-- Opening Marker --

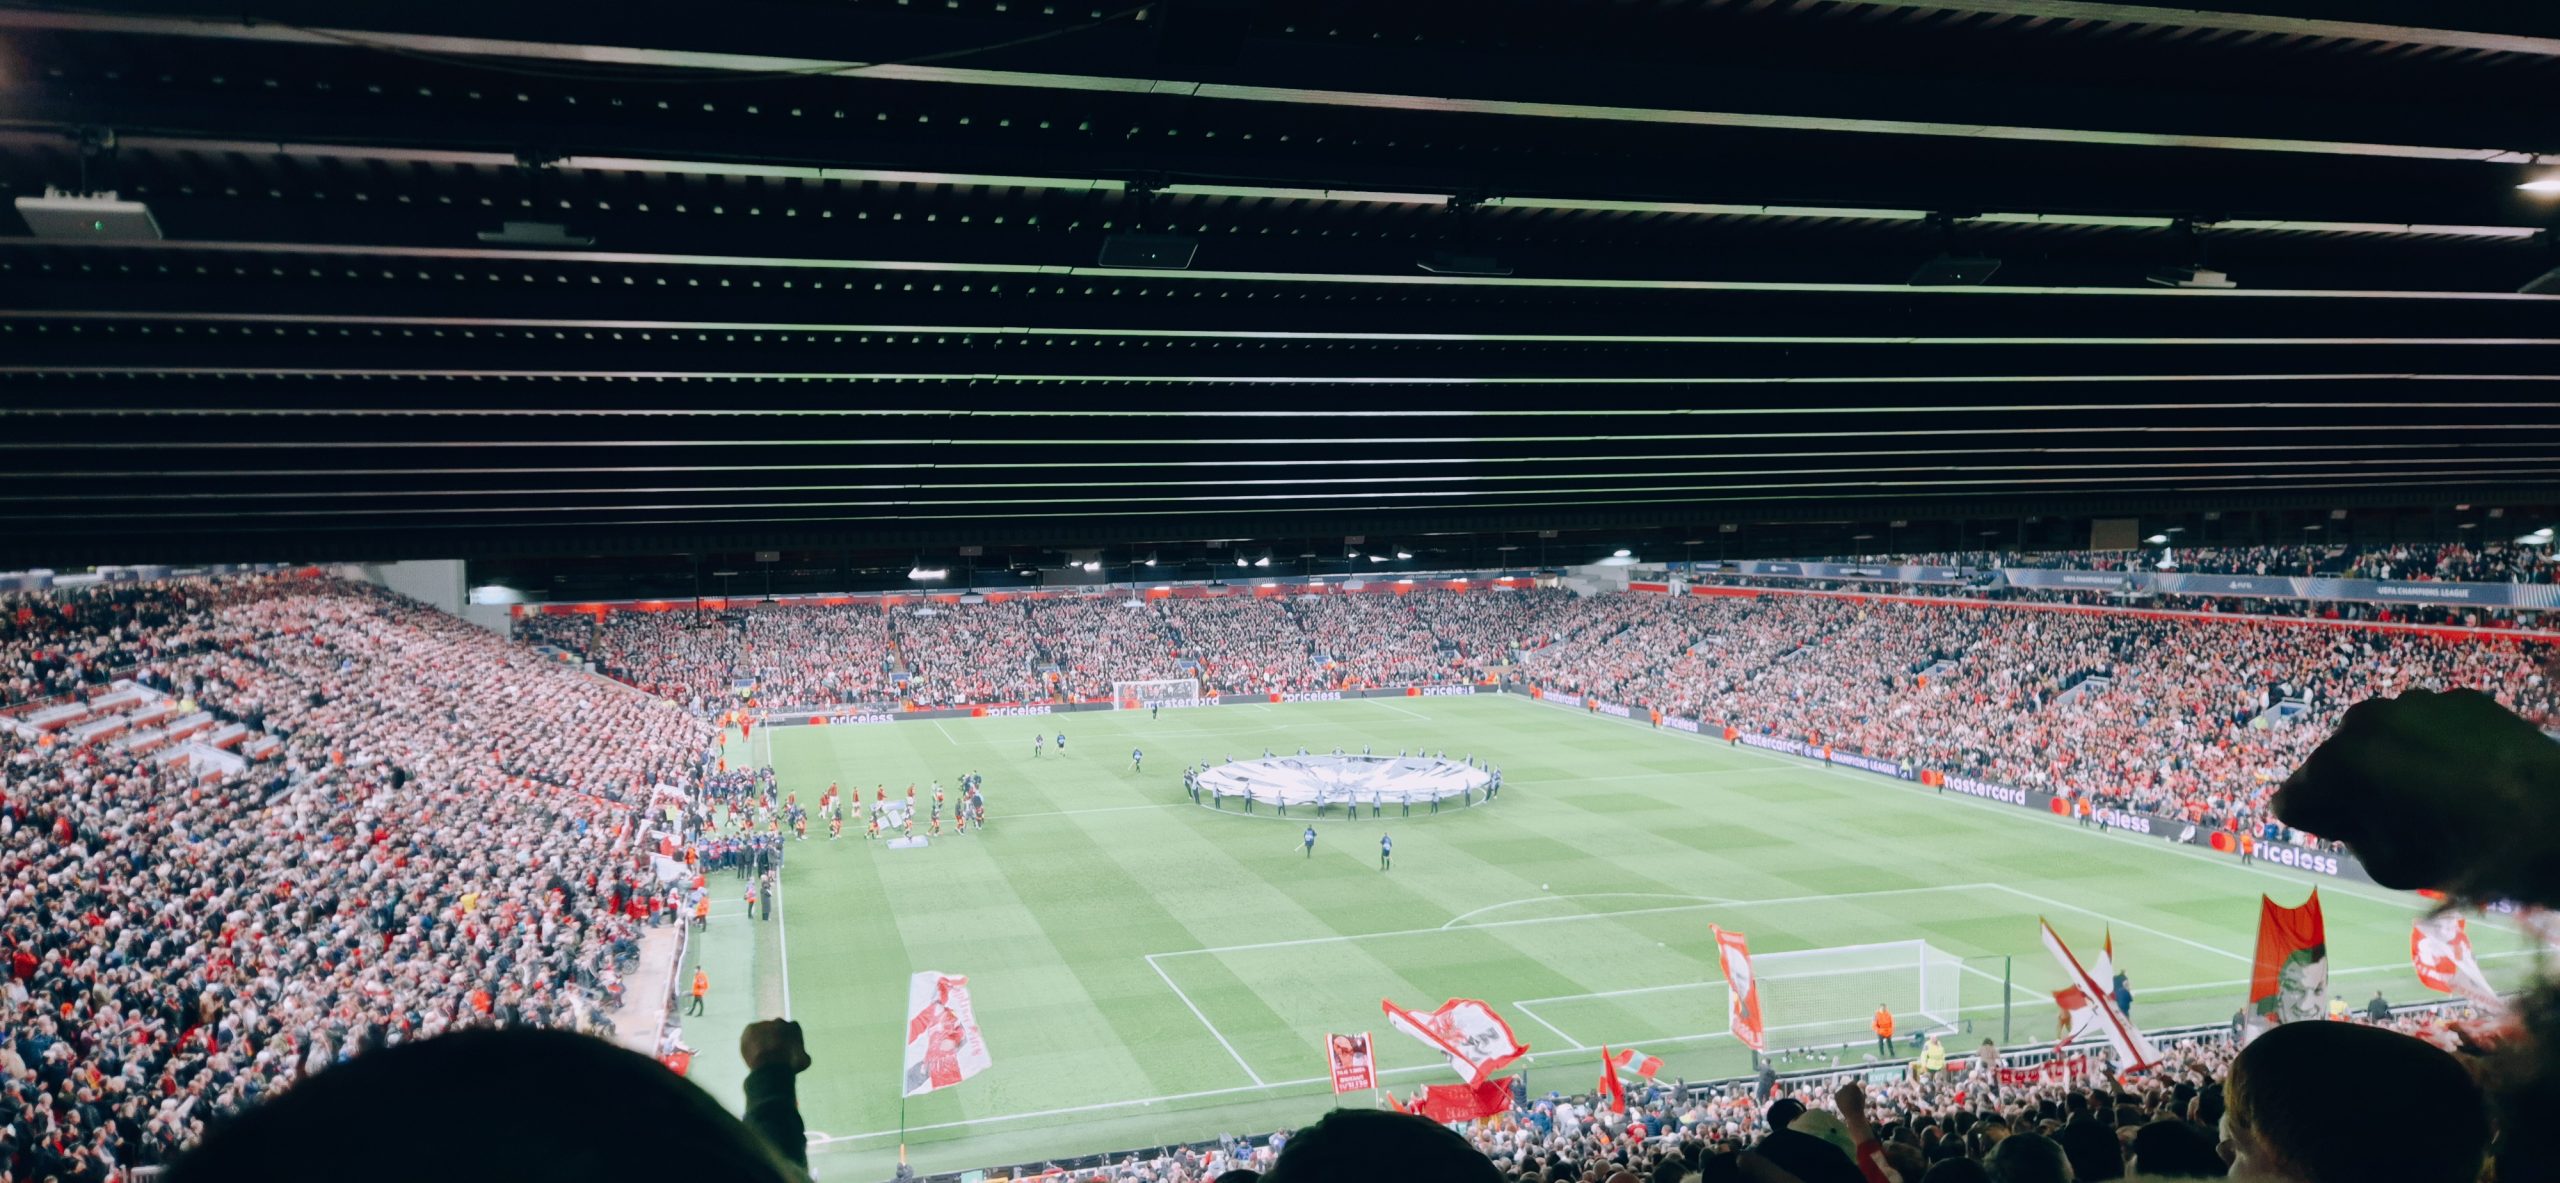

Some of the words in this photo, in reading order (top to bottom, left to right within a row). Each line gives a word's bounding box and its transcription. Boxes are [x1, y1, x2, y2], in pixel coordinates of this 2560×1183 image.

[2378, 586, 2397, 595] UEFA
[2397, 587, 2439, 597] CHAMPIONS
[2440, 588, 2470, 598] LEAGUE
[1287, 691, 1340, 702] priceless
[991, 704, 1051, 717] priceless
[830, 712, 894, 725] priceless
[1662, 715, 1698, 732] priceless
[1830, 751, 1869, 769] CHAMPIONS
[1870, 760, 1897, 776] LEAGUE
[2074, 803, 2150, 833] piceless

-- Closing Marker --

### EXERCISE
When you transcribe the lines above, keep every word exact but leave the pictures behind.

### RESPONSE
Some of the words in this photo, in reading order (top to bottom, left to right within a row). Each line gives a word's bounding box and its transcription. Boxes are [x1, y1, x2, y2], in pixel coordinates of this 2560×1183 image.

[2378, 586, 2397, 595] UEFA
[2397, 587, 2439, 597] CHAMPIONS
[2440, 588, 2470, 598] LEAGUE
[1287, 691, 1340, 702] priceless
[991, 704, 1051, 717] priceless
[830, 712, 894, 725] priceless
[1662, 715, 1698, 732] priceless
[1830, 751, 1869, 769] CHAMPIONS
[1870, 760, 1897, 776] LEAGUE
[2074, 803, 2150, 833] piceless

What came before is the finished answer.